“She’s terrible, but she’s getting a free ride,” said former president and 2024 Republican nominee Donald J. Trump of his new opponent Kamala Harris in his X interview with Elon Musk earlier this week. While legacy media have lavished non-stop adulation on the incumbent vice president since President Biden withdrew from his reelection bid on July 21 and nominated Harris to run in his place, it is curiously her running mate, Minnesota Governor Tim Walz, who has born the brunt of conservative criticism.
Chosen over Pennsylvania Governor Josh Shapiro, a popular politician with national reach who might have been of greater help by delivering his swing state to Harris—but who appears to have been uncomfortably close to Israel for the taste of radical Democrats—Walz’s image as a benign Midwestern leader faltered within hours of his selection. In the intervening 10 days, he has been assailed by daily revelations about his state’s corruption scandals, his extremist positions on gender and sexuality, his ruinous California-like economic policies, his sophomoric attempt to brand Republicans as “weird,” his DUI arrest, his mismanagement of Minnesota’s 2020 Black Lives Matter riots, his alleged lies about his military service, his disturbing praise for a Muslim cleric who appears to have celebrated terrorism and Adolf Hitler, and other foibles.

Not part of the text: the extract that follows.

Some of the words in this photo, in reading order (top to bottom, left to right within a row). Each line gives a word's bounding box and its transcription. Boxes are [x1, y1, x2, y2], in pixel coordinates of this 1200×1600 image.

All Walz’s issues are worth exploring in detail, and time will tell whether these attacks will succeed in discrediting the presumptive Democratic vice-presidential candidate. But therein lies the problem. So what if they do? Whatever may be the seriousness of Walz’s scandals, he is on the bottom half of the ticket, where he represents no demographic of any electoral importance and leads a reliably blue state that has only gone Republican once since 1956. If elected, his main jobs will be to go to the proverbial funerals that vice presidents attend when the president is too busy and be prepared to step in to replace the president in the unlikely event that becomes necessary.
Vanishingly few Americans will cast their votes in November because of Walz, even if much of electorate believes the worst of him. Partisan Democrats will excuse or minimize any problem with Walz—and indeed already are doing that. They will still vote for Harris. GOP loyalists will line up behind Trump with what polls suggest is about as much enthusiasm as before Walz was selected. Indeed, despite being a virtual unknown in American politics just two weeks ago, and after all the attacks in the meantime, Walz now enjoys the highest favorability ratings of this year’s four presidential ticket candidates.

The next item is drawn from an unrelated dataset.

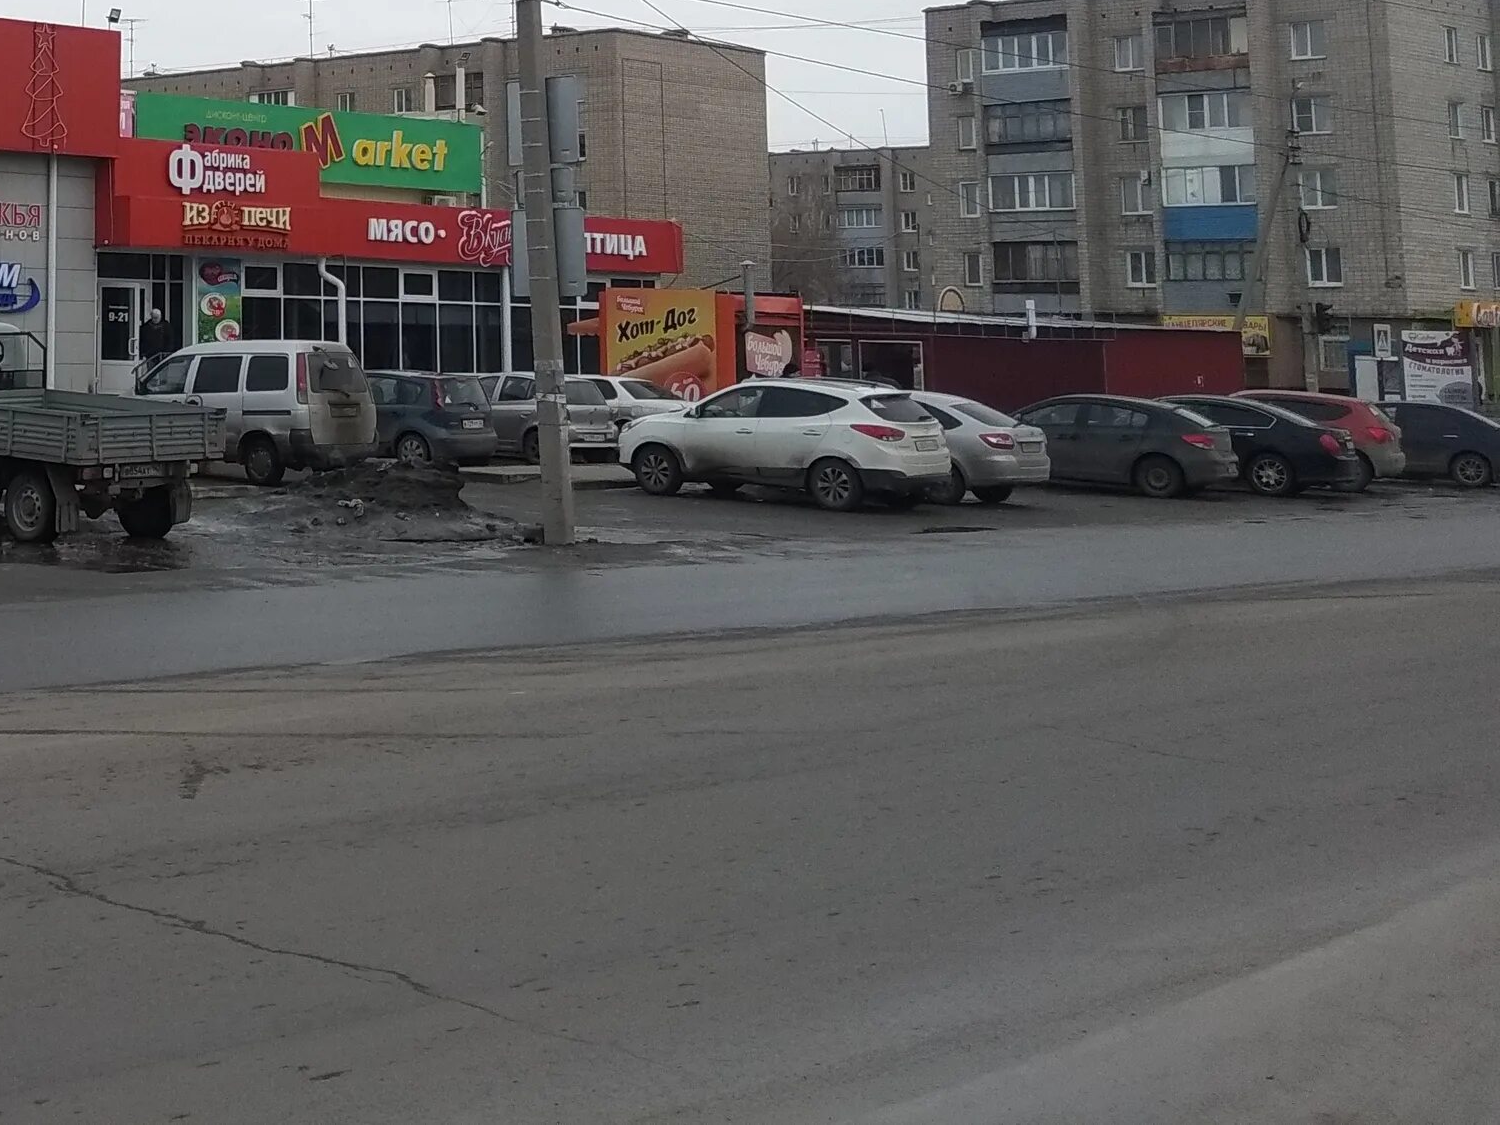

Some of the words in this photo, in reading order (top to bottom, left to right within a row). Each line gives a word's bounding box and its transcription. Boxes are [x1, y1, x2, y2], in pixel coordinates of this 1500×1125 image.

[108, 311, 129, 323] 9-21
[618, 308, 697, 343] Хот-Дог
[754, 354, 784, 377] Чебуре

Republicans may yet succeed in casting Walz as a villain, but what can it achieve? Harris, the candidate for president, will continue to bask in favorable media coverage and, possibly, add to her polling gains as election day approaches. In this the GOP appears to have forgotten that the successful 2004 “swift boat” ads were directed against Democratic candidate John Kerry, who headed the ticket, rather than against his half-forgotten running mate John Edwards, a senator whose biggest scandals exploded only years after his and Kerry’s failed campaign.
It is obvious what accounts for this strange and unprecedented diversion away from the main candidate, a woman of color (which color has been questioned), and toward the vice-presidential candidate, a white male who seems to have a lot of problems. As Democrats insisted, and as establishment GOP types compliantly parroted in the first days of Harris’s campaign, serious criticism of her is almost totally off limits for fear of being considered racist or sexist.
That premise, however, is ridiculous. Whatever her race or gender, Harris is a human being seeking election to the most powerful office in the world. Although race and gender played a major role in her political rise and should be fair game for critics, she clearly has flaws and liabilities that have nothing to do with her pigmentation or chromosomes. Responsible citizens should strongly question her on the merits of who she is, what she believes, how she has led and would lead, her public record, her policy positions, and her current and former statements and actions. As some publications are already musing, she should be challenged on a significant number of issues and asked hard and potentially embarrassing questions at a time of extreme national and international turmoil. Without that boldness, the country could wake up with a long and by then uncurable hangover on Nov. 6.